Я уже, кажется, перестал обижаться на обращение «командир». Наверное, профессору Горохову нравилось произносить это слово, и он его произносил. Это была его слабость. А я умел прощать чужие слабости, понимая, что у меня у самого различных слабостей полный маршевый рюкзак наберется…

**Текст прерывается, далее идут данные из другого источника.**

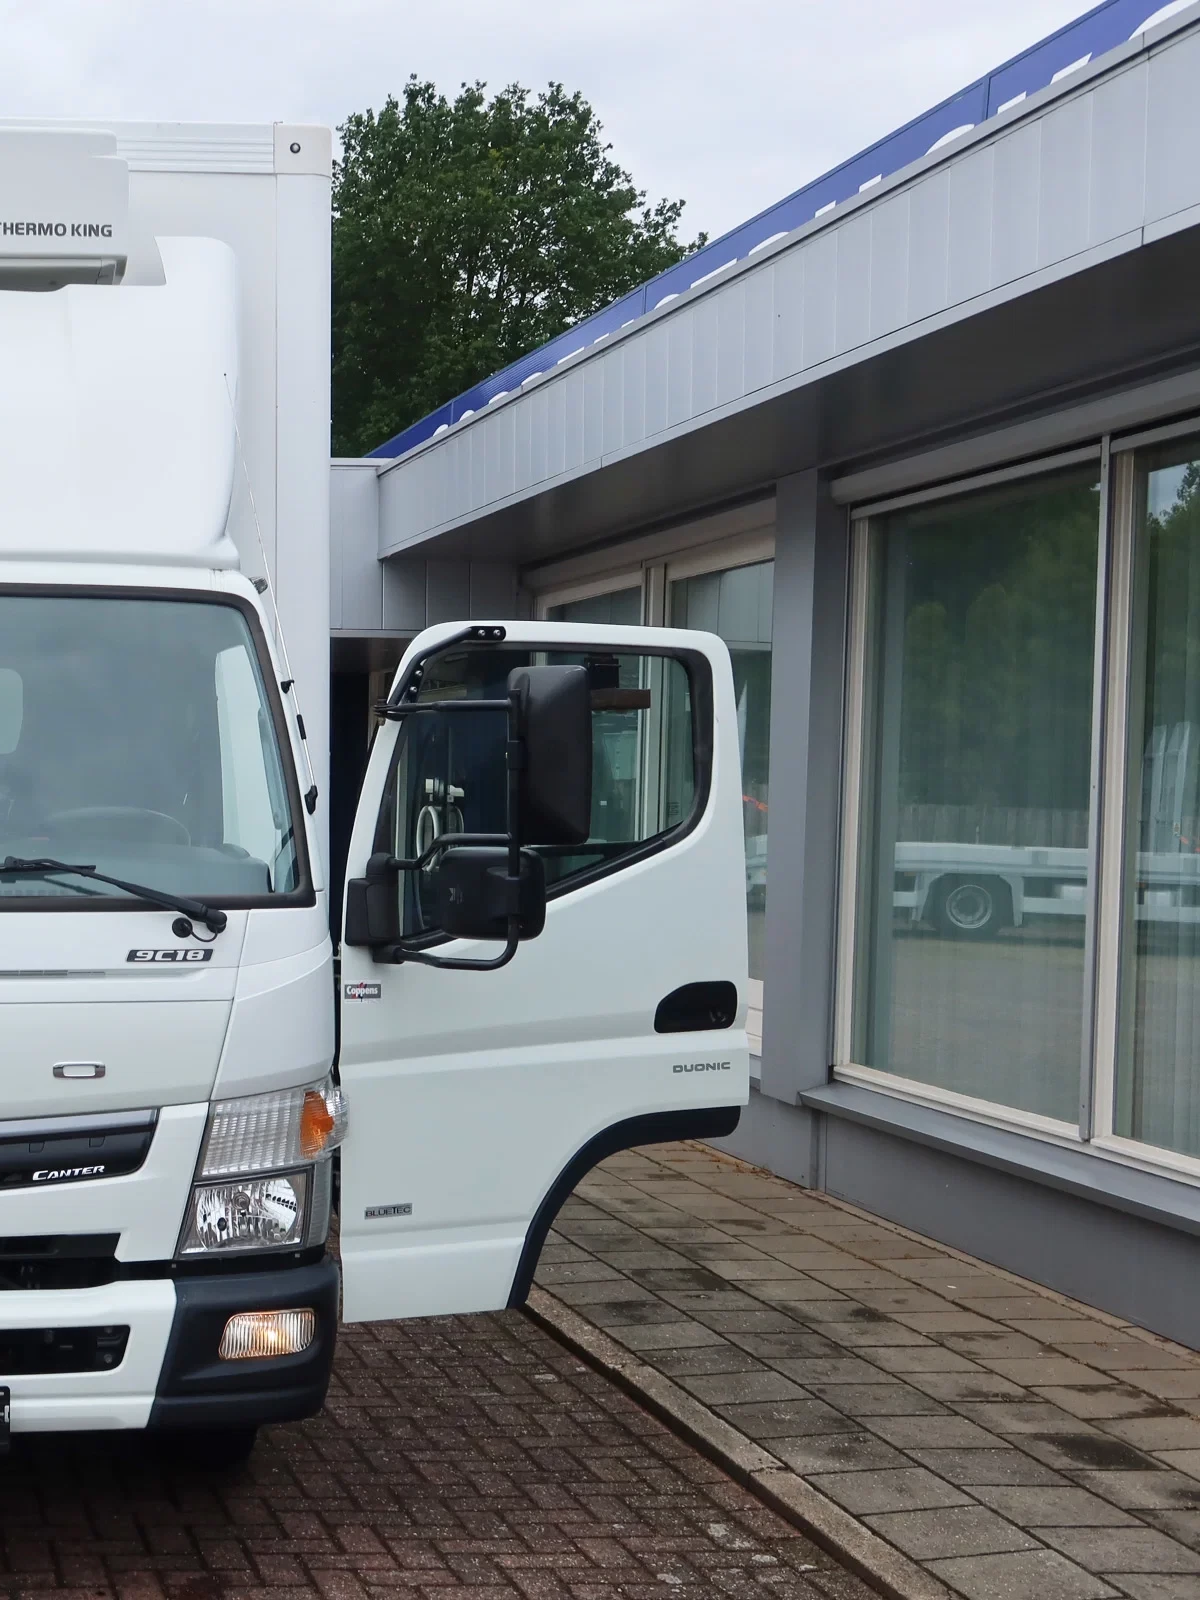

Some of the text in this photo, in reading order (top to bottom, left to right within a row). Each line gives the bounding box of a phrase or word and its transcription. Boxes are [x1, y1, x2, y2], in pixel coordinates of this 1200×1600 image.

[71, 223, 112, 238] KING
[134, 949, 205, 961] 9C18
[346, 985, 378, 998] Coppens
[672, 1061, 731, 1073] DUONIC
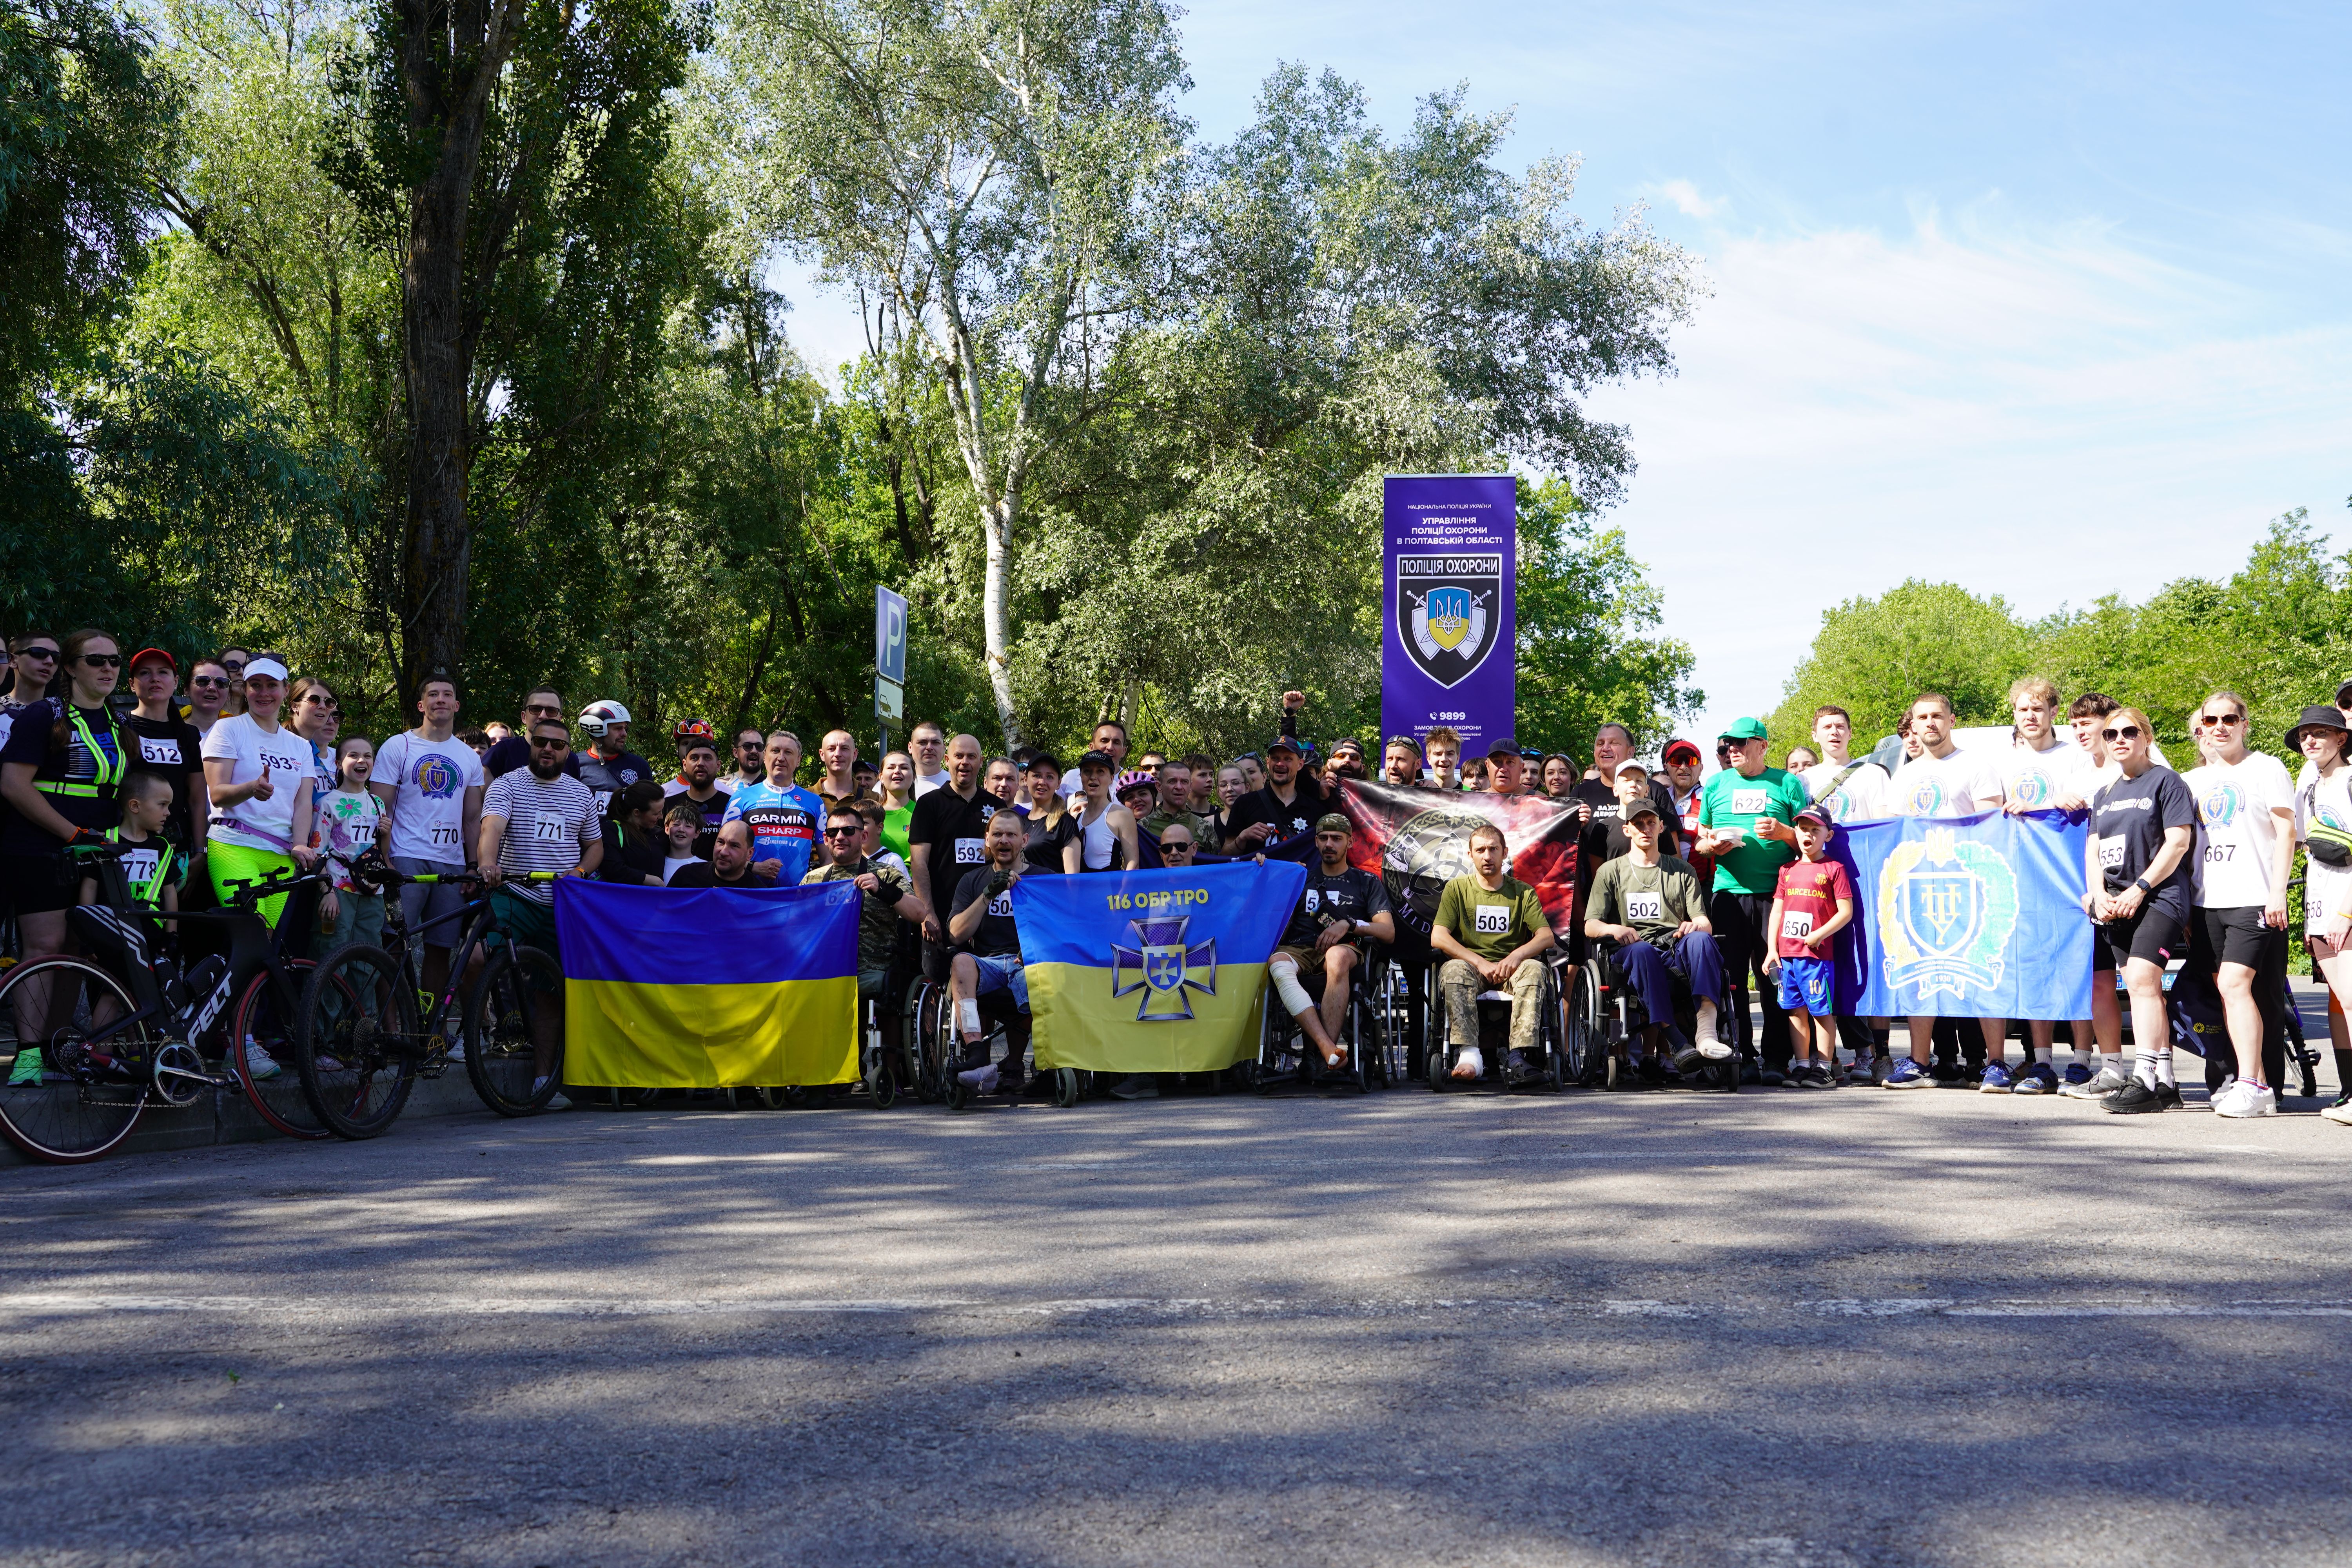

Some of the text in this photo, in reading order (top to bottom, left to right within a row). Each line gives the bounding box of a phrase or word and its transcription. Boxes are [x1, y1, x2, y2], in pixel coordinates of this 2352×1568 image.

* * *Мы уже находились на территории поселка, в котором стоял наш батальонный городок, когда навстречу «Волге» пробежал еще один взвод нашей роты – шестой. Тот самый взвод, у которого первоначально в расписании значился этот марш-бросок и вместо которого побежали мы. Вчера после ужина начальник штаба сообщил мне, что поменял расписание, и моему взводу предстоит, в соответствии с новым графиком, с утра преодолеть дистанцию марш-броска. Что послужило поводом к смене расписания, начальник штаба объяснять не стал, а я не стал уточнять. Мало ли какие у инструкторов, проводящих во взводах занятия, могут быть обстоятельства. Это только марш-бросок не требует дополнительного специалиста-инструктора, да еще, может быть, «рукопашка», хотя и там часто без инструктора, бывает, не обойтись. Да и существенной разницы я не видел. Что в новый, обозначенный расписанием день бежать, что через день, как значилось в расписании раньше, – бежать все равно пришлось бы.
Но у меня откуда-то появилась мысль, что в этот раз расписание сменили преднамеренно и вне зависимости от занятости инструкторов. Комбат пожелал, чтобы профессор Горохов побежал именно с моим взводом. Почему? Мне подумалось, что подполковник Лихоедкин посчитал меня наименее сговорчивым и даже, может быть, наиболее упрямым среди других командиров взводов. По крайней мере, самым несговорчивым. И комбат рассчитывал, что Горохову не удастся найти со мной общий язык.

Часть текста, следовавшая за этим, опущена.